This seems like a natural question to ask, but I've not seen it discussed in my reading around (limited to Easton's paper, the third edition of Jech's Set theory and a small handful of articles). What do you get when forcing with a proper class of conditions that you don't get when forcing with, say, a set of conditions larger than one's model of set theory? Or rather, why isn't a large set of conditions enough?
Blass makes a throwaway remark in his 1984 paper The interaction between category theory and set theory
Although this approach [reflection principles] was first proposed in connection with the problem of foundations for category theory, it is natural to use it whenever objects seem to be too large to be coded as sets. In particular, it seems to me that it should be of some use in clarifying forcing with proper classes by making the natural (regular open) Boolean algebra available even though it is superlarge.

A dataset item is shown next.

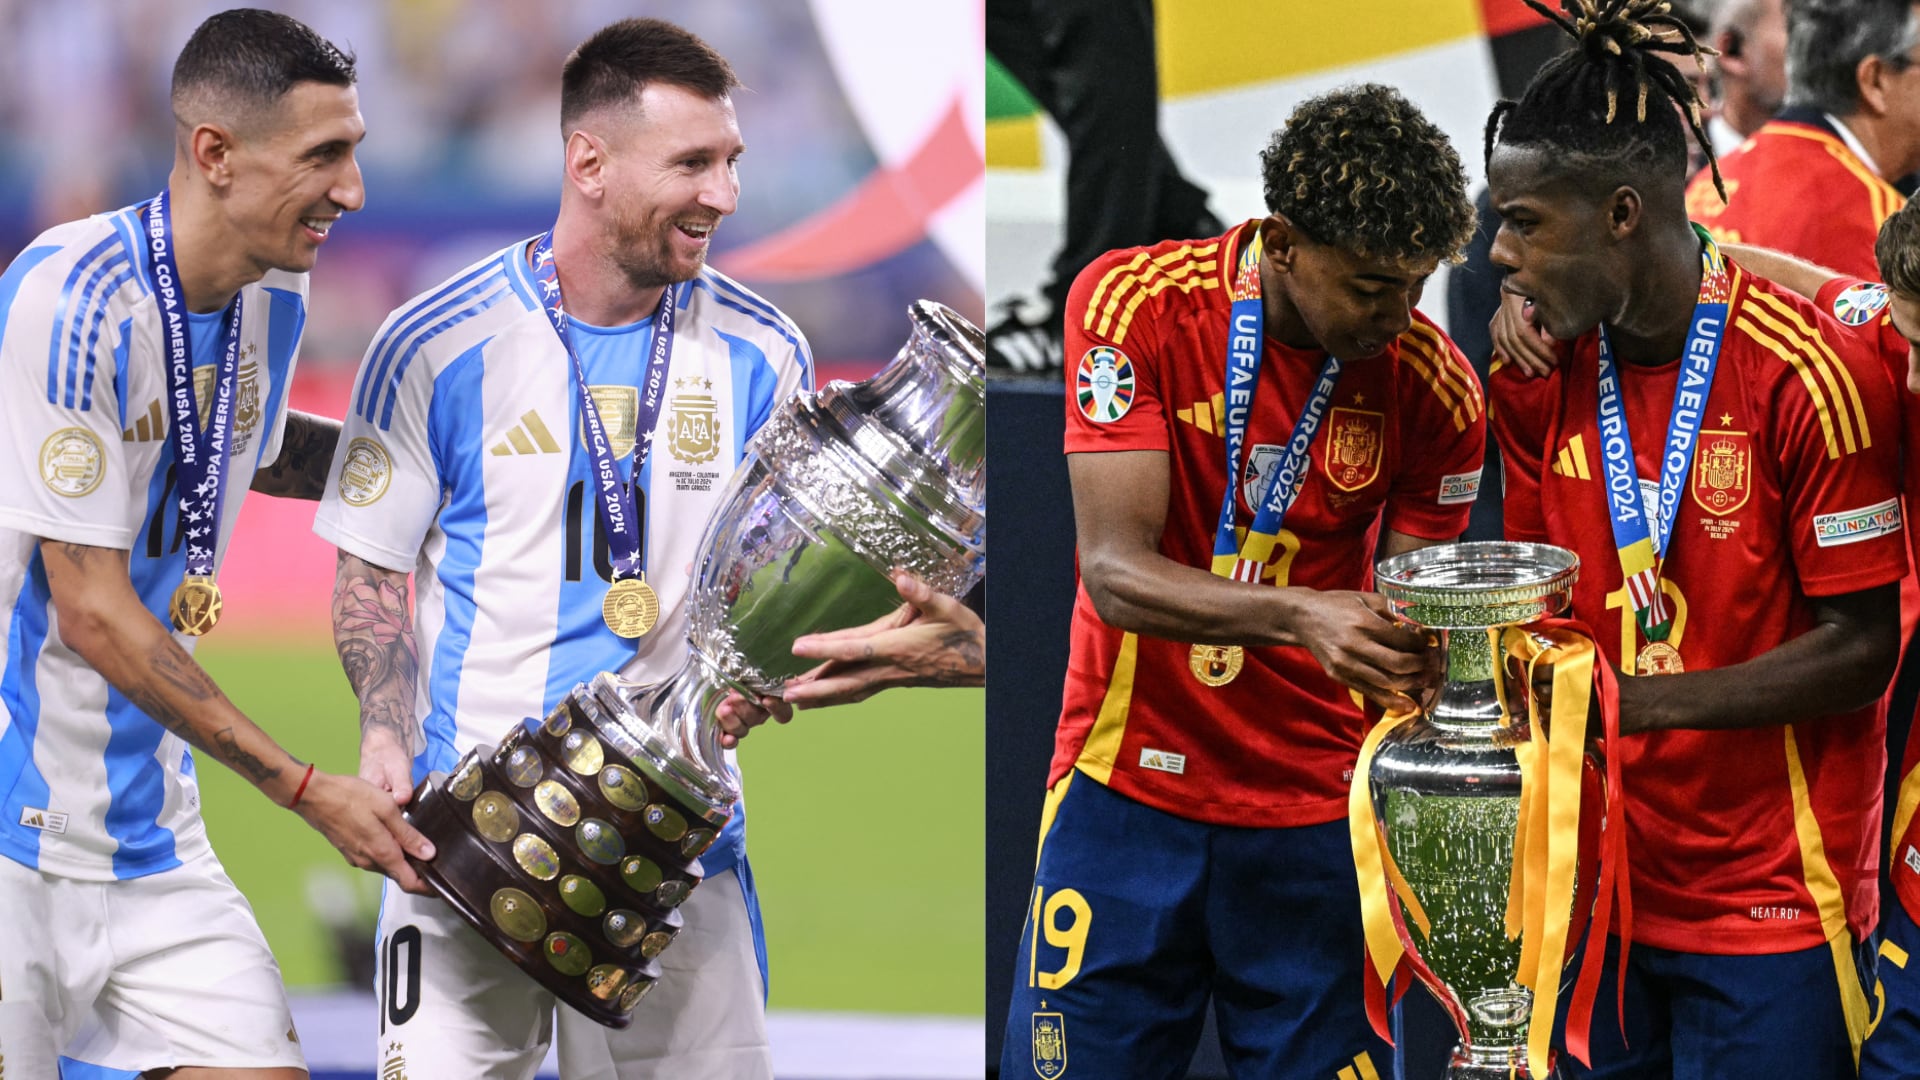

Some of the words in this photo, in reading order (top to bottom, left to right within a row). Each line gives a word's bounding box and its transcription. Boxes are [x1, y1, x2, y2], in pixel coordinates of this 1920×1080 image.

It seems to indicate that if we accept some sort of reflection principle, use an innaccessible cardinal $\kappa$ (or similar) – hence a Grothendieck universe – and a set of forcing conditions larger than $\kappa$, then we should arrive at our goal without using a proper class of conditions.

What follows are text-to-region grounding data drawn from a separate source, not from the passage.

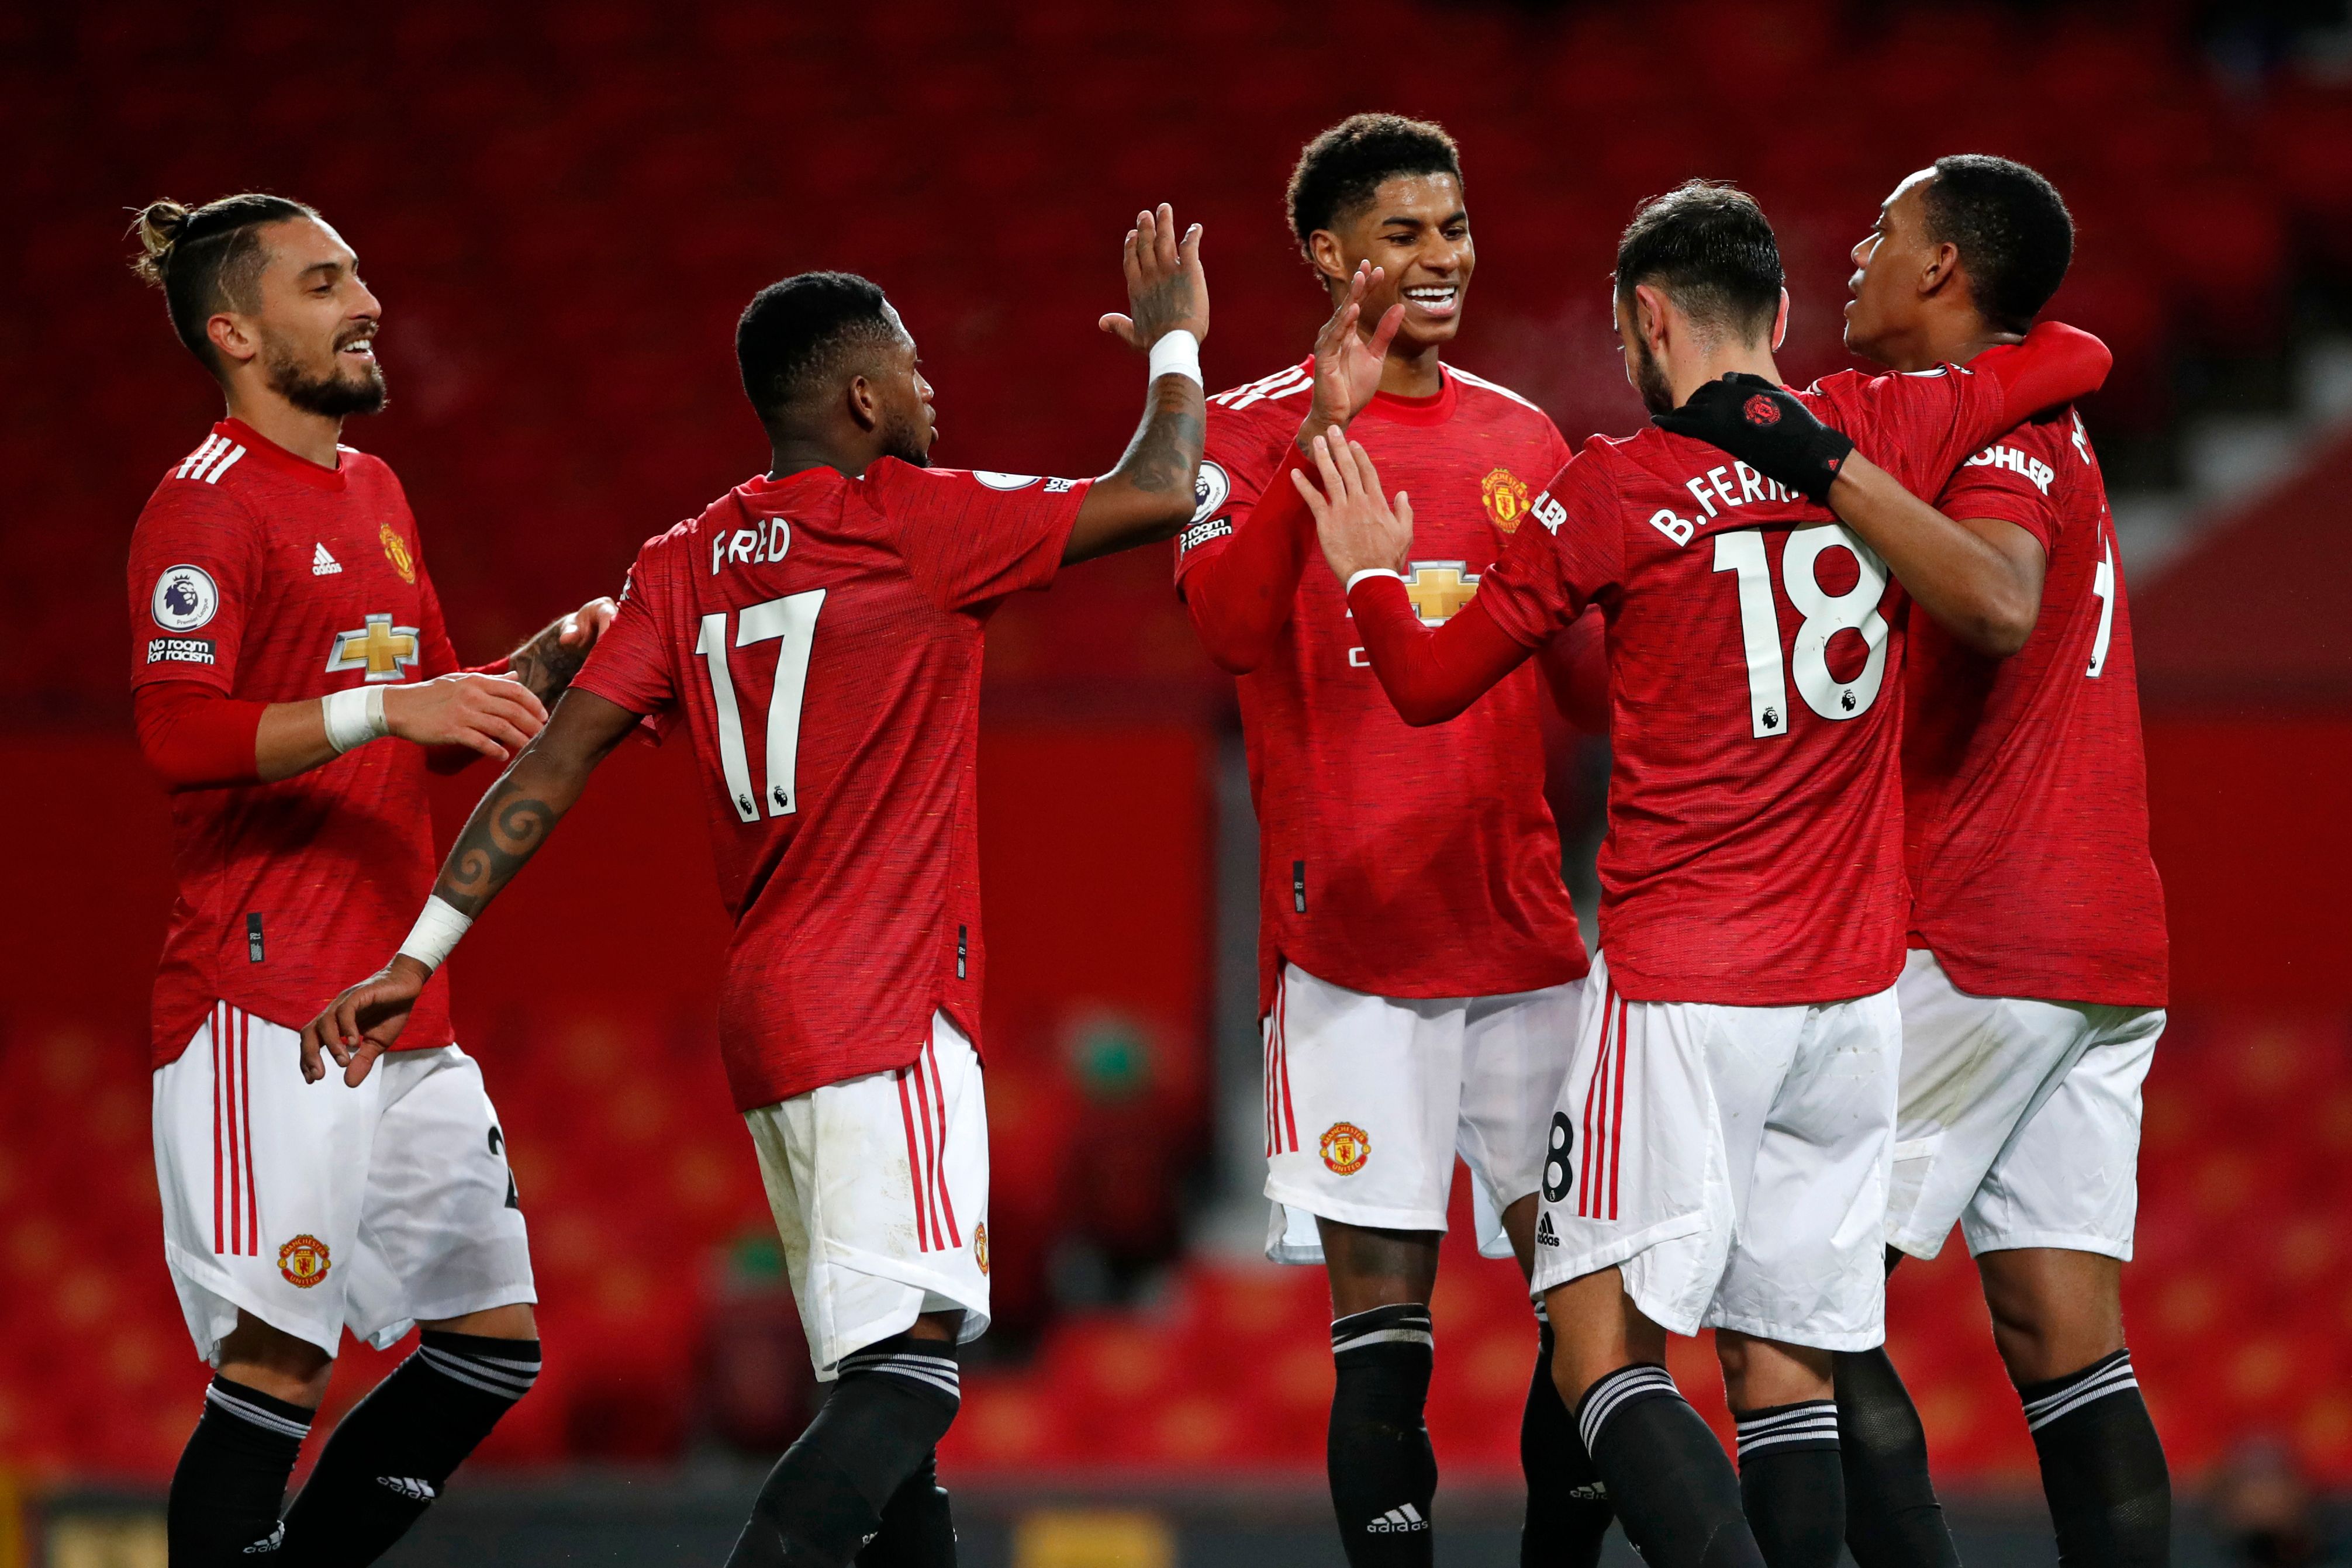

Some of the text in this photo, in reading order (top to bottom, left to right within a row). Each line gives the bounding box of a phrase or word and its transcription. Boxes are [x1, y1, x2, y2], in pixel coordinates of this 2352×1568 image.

[1963, 445, 2054, 496] OHLER
[1531, 490, 1567, 536] LER
[1188, 519, 1225, 537] room
[1188, 526, 1232, 548] racism
[712, 517, 790, 576] FRED
[312, 562, 343, 576] adidas
[1712, 521, 1887, 739] 18
[148, 639, 209, 652] No room
[165, 650, 214, 665] racism
[695, 588, 827, 823] 17
[1324, 1127, 1365, 1145] MANCHESTER
[1542, 1111, 1573, 1203] 8
[1332, 1162, 1360, 1172] UNITED
[283, 1239, 326, 1255] MANCHESTER
[290, 1275, 319, 1284] UNITED
[375, 1476, 431, 1503] adida
[1367, 1521, 1428, 1532] adidas

Alternatively, cannot one (ok, this is very naive, but this is why I'm asking) consider an inaccessible in ZFC and thus cook up a model of NBG, and then work with that a la Easton – and then at the end turn around a say 'Ahah! I was working in ZFC the whole time!'
One reason I ask is that in the paper Injectivity, projectivity, and the axiom of choice, Blass gives a symmetric model of ZFA with no nontrivial injective abelian groups using an uncountable set of atoms and a base model of ZFCA whose sets were in some sense 'small' (they arise, if I understand correctly, using the cumulative hierarchy generated from $A$ in the usual sense, but only taking countable subsets of $A$ at the first stage, rather than all of $\mathscr{P}A$). However, he gives a model of ZF with no nontrivial injective abelian groups using forcing involving a proper class of conditions. (Notice that Jech-Sochor is not useful in its usual statement because a global statement about a proper class of objects is required.) Perhaps the techniques given in Blass' Theorem 3.2 have been given a general treatment by now, I do not know.
Best Answer
The idea behind the remark quoted in the question was that, in situations ordinarily treated with proper-class forcing (e.g., Easton's theorem), the work can be transcribed rather routinely into a Feferman-style set theory (ZFC plus a constant $\kappa$ for an ordinal and axioms saying, one formula at a time, that $V_\kappa$ is an elementary submodel of the universe $V$). Just do with $V_\kappa$ what you would otherwise have done with $V$. Where (for example) Easton got arbitrary cardinal exponentiation at all regular cardinals, you'd now get arbitrary cardinal exponentiation only at all regular cardinals below $\kappa$, but that's "morally" or "intuitively" the same (and gives the same relative consistency result) because of the elementarity of $V_\kappa$ in $V$. This "large set" approach allows you to work with the framework of Boolean-valued models rather than forcing, whereas a proper-class forcing would, in general, need super-classes (yet another level higher in the cumulative hierarchy) to do this.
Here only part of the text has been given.